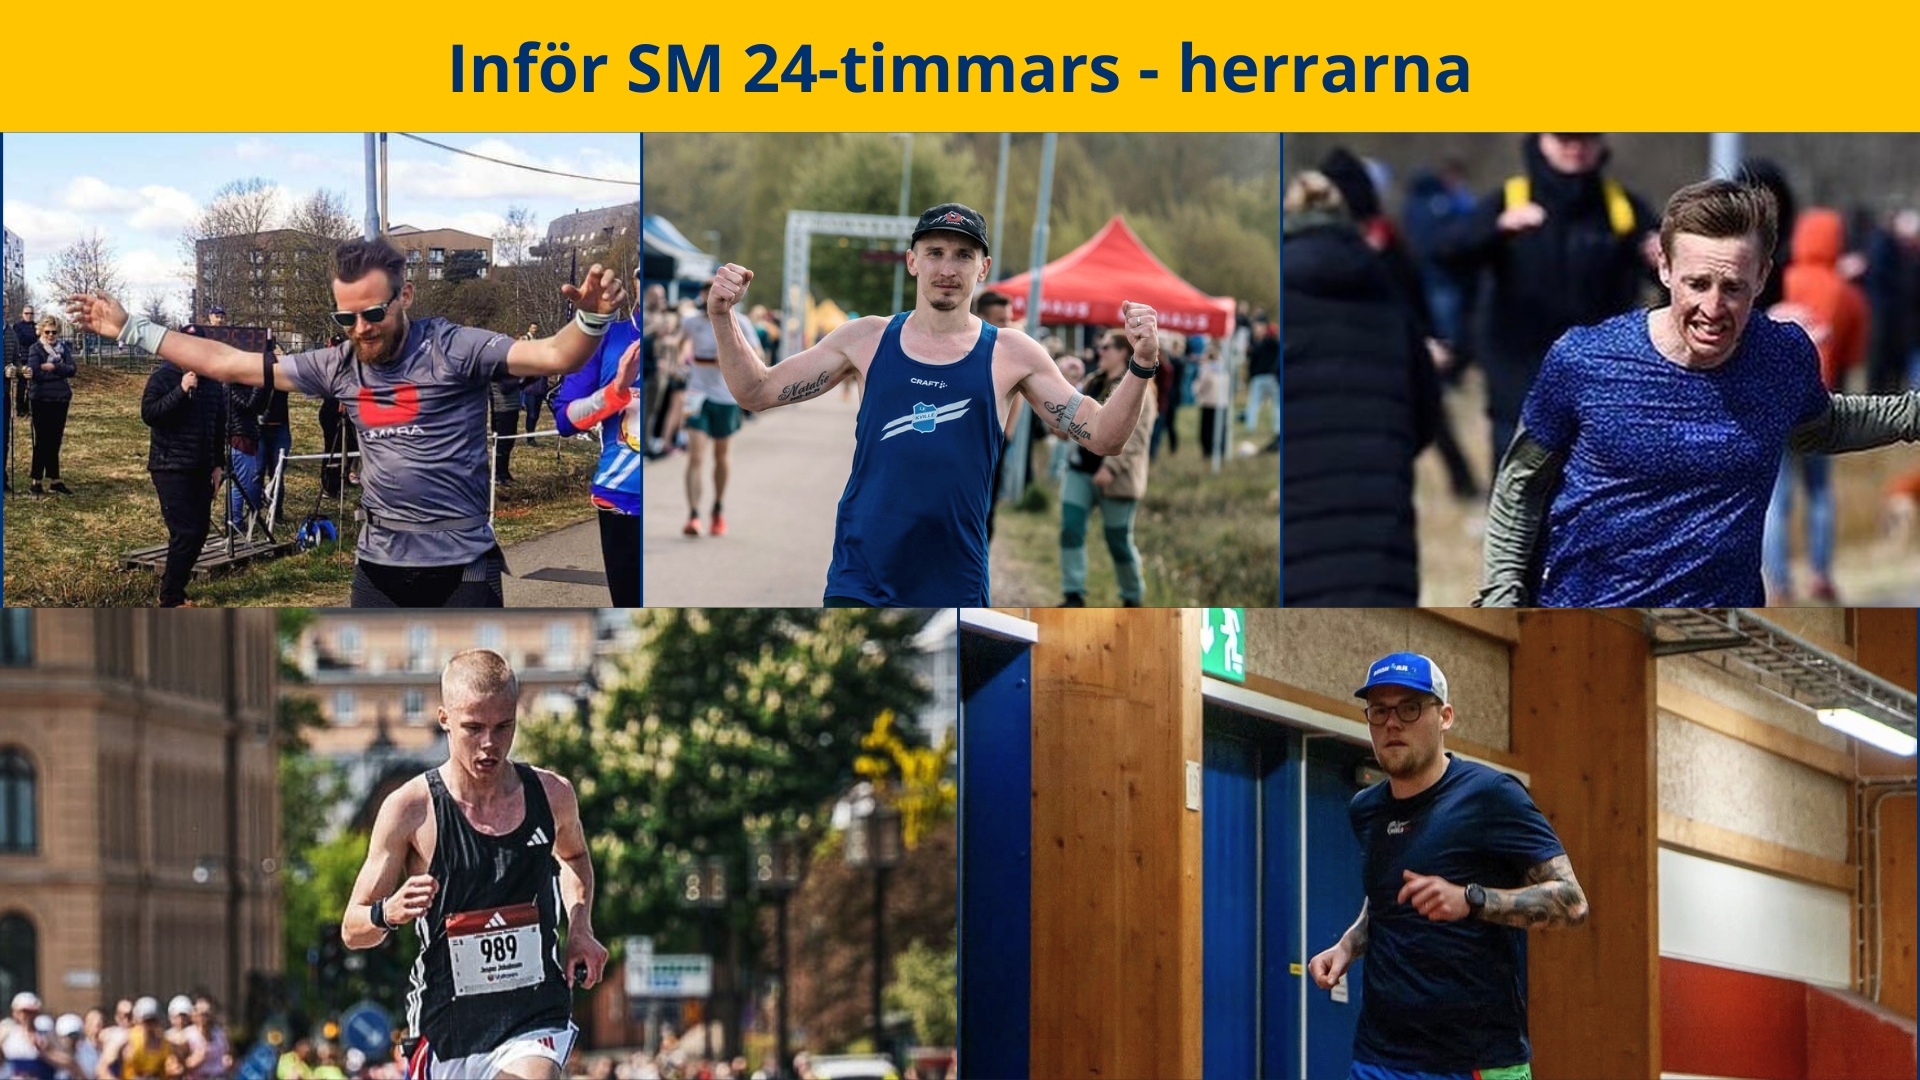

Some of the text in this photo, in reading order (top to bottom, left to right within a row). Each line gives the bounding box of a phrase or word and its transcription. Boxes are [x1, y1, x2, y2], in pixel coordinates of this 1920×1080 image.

[778, 370, 829, 401] Natalie
[910, 377, 940, 387] CRAFT
[915, 412, 936, 421] KVILLE
[480, 934, 517, 963] 989
※ ※ ※
Restate the listing word for word, pictures omitted.

- [Written response]
Some of the text in this photo, in reading order (top to bottom, left to right within a row). Each line gives the bounding box of a phrase or word and its transcription. Boxes are [x1, y1, x2, y2], in pixel coordinates of this 1920×1080 image.

[778, 370, 829, 401] Natalie
[910, 377, 940, 387] CRAFT
[915, 412, 936, 421] KVILLE
[480, 934, 517, 963] 989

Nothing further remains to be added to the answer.